IT managers continue to battle seemingly endless waves of email hacks and ransomware targeting patient data. Covenant HealthCare recently confirmed that an unauthorized individual gained access to two employees' email accounts, potentially exposing about 45,000 patients' information. In response to the attacks, the nonprofit Center for Internet Security recently launched a no-cost ransomware protection service for private U.S. hospitals.
Now, research from CybelAngel takes a look at the way cybercriminals plan healthcare-related fraud, ransomware and other attacks by obtaining stolen credentials, leaked database files and other materials from specialized sources in the cybercrime underground, according to Security.
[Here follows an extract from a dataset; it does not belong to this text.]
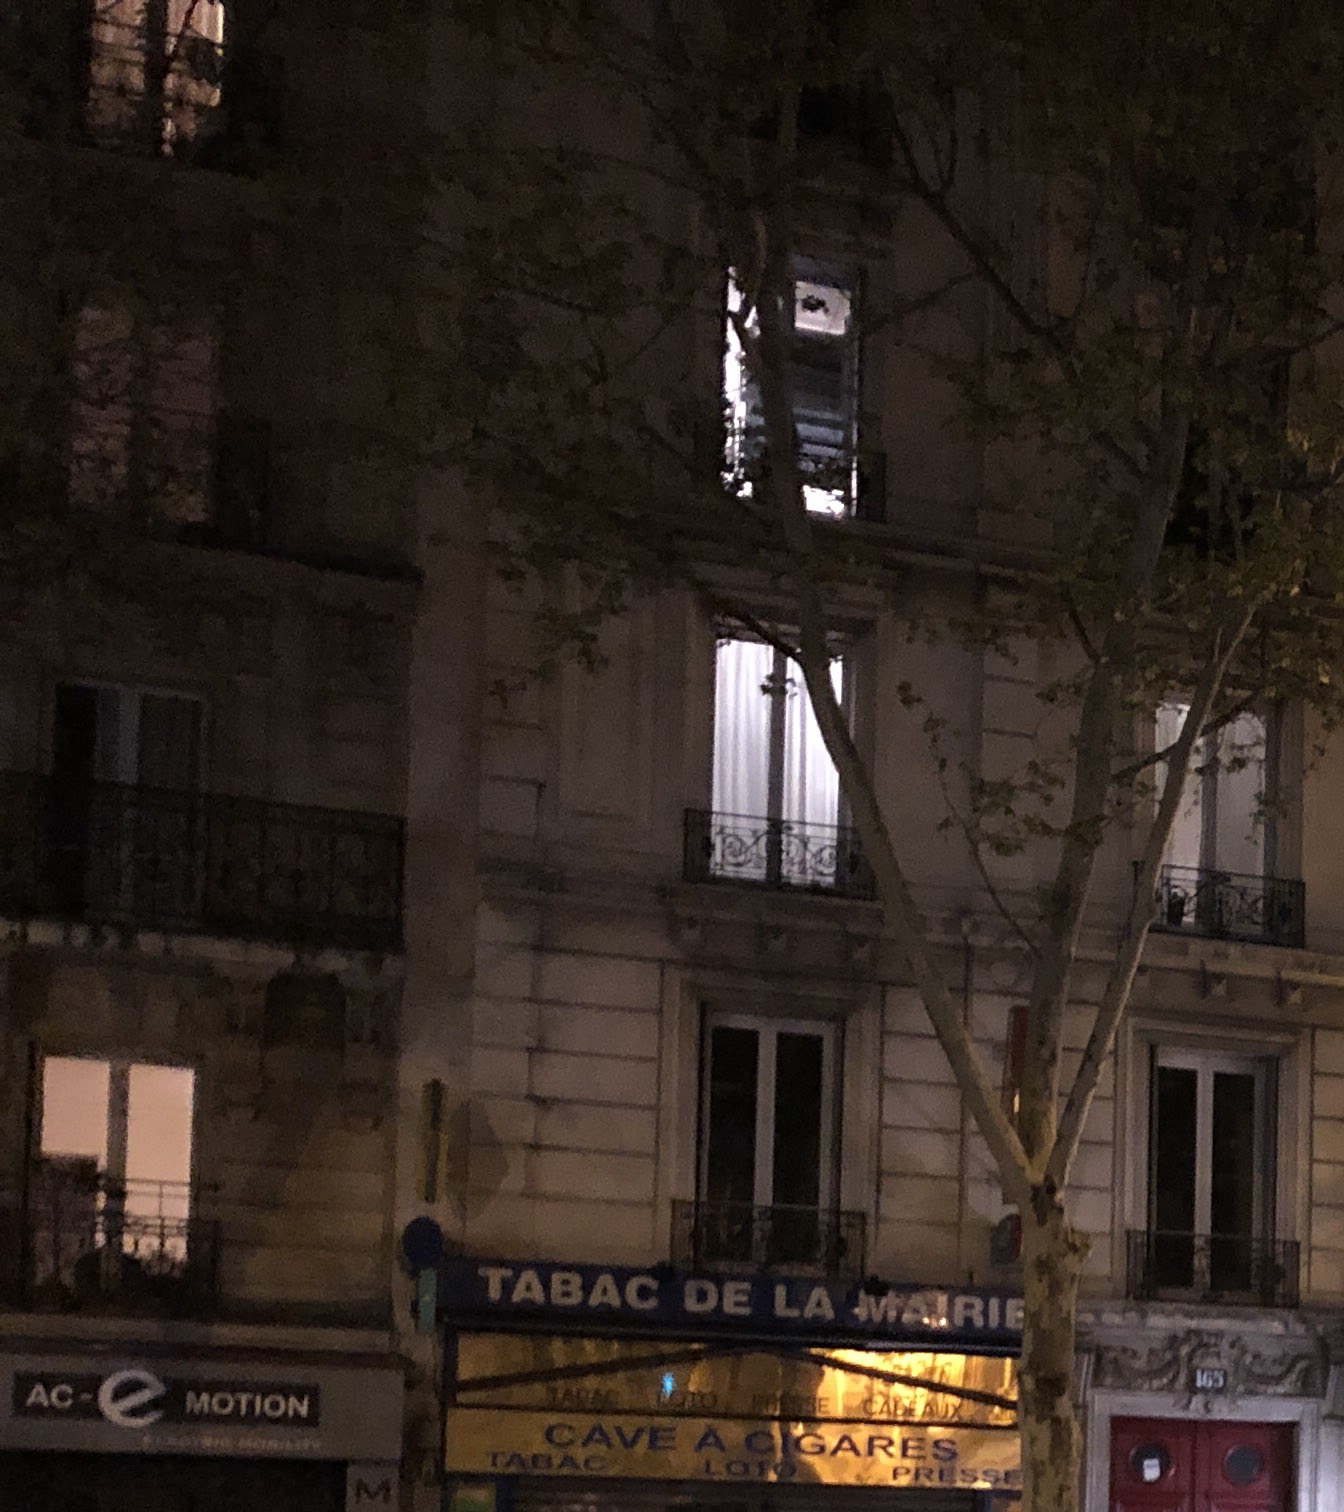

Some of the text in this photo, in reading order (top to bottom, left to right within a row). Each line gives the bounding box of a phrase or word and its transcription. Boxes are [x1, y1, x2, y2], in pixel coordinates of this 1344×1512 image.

Analysts describe the way the ongoing COVID-19 pandemic’s strain on hospitals, coupled with the healthcare industry’s porous cybersecurity defenses, give criminals the ability and resources to launch lucrative intrusions.
“While the volume and stakes of these attacks can feel overwhelming, our research shows that sealing off a few specific types of exposed data could have a meaningful effect by disrupting the supply chains adversaries rely on to execute these attacks," said a CybelAngel official.
Among the findings: Attackers combine credential-stuffing with third-party access to beat detection. Many breaches and ransomware attacks are traced back to compromises of third-parties the healthcare sector relies on for software, tech support, billing, and data reporting.